Art. 2 AGBauGB, Änderung der Landesbauordnung

Art. 2 AGBauGB
Gesetz zur Ausführung des Baugesetzbuchs und zur Änderung der Landesbauordnung (Baugesetzbuch-Ausführungsgesetz - AGBauGB)
Landesrecht Schleswig-Holstein
Titel: Gesetz zur Ausführung des Baugesetzbuchs und zur Änderung der Landesbauordnung (Baugesetzbuch-Ausführungsgesetz - AGBauGB)
Normgeber: Schleswig-Holstein
Amtliche Abkürzung: AGBauGB
Referenz: 2130-11

Red. Anm.: Die Änderungen wurden oder werden entsprechend ihrem Inkrafttreten in das Stammgesetz eingearbeitet.

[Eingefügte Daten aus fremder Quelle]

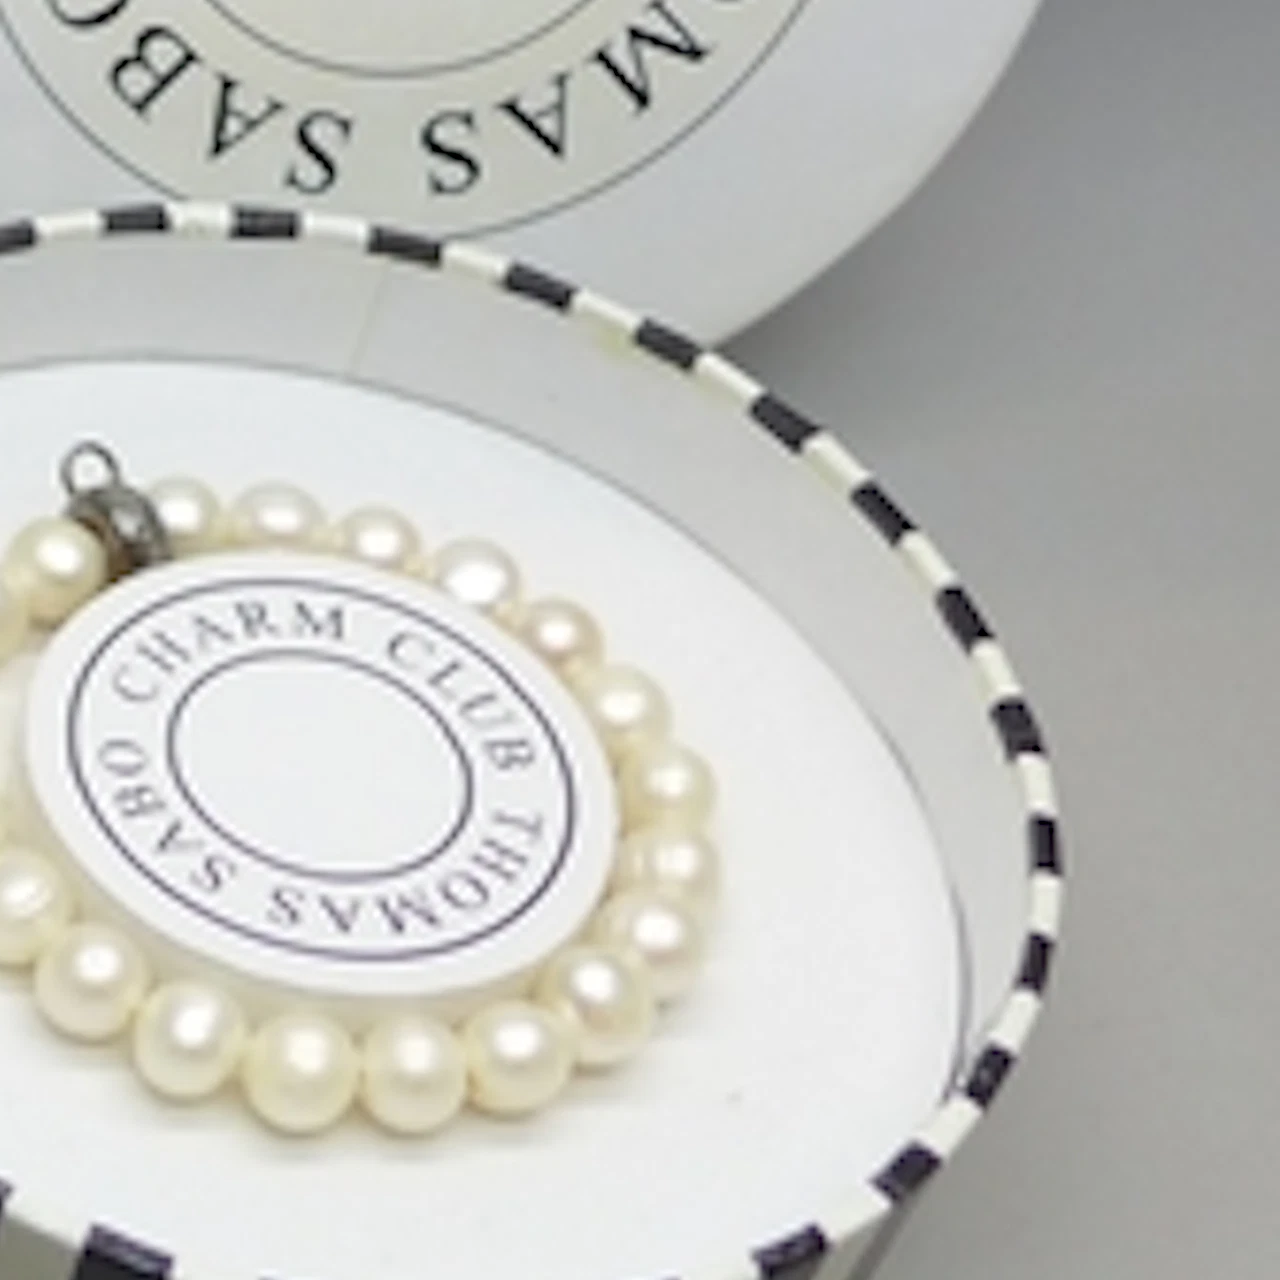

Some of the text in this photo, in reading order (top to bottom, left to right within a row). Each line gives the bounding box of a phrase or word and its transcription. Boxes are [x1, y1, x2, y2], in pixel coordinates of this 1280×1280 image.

[96, 600, 545, 935] CHARM CLUB THOMAS SABO

Die Landesbauordnung für das Land Schleswig-Holstein in der Fassung der Bekanntmachung vom 11. Juli 1994 (GVOBl. Schl.-H. S. 321) (1) Zuständigkeiten und Ressortbezeichnungen ersetzt durch Verordnung vom 24. Oktober 1996 (GVOBl. Schl.-H. S. 652), wird wie folgt geändert:

  1. 1.

    In der Inhaltsübersicht werden nach der Angabe "§ 8" die Worte "Teilung von Grundstücken" durch die Worte "Herstellung baurechtmäßiger Zustände nach Grundstückseinteilung" ersetzt.

  2. 2.

    § 8 erhält folgende Fassung:

    "§ 8
    Herstellung baurechtmäßiger Zustände nach Grundstücksteilung"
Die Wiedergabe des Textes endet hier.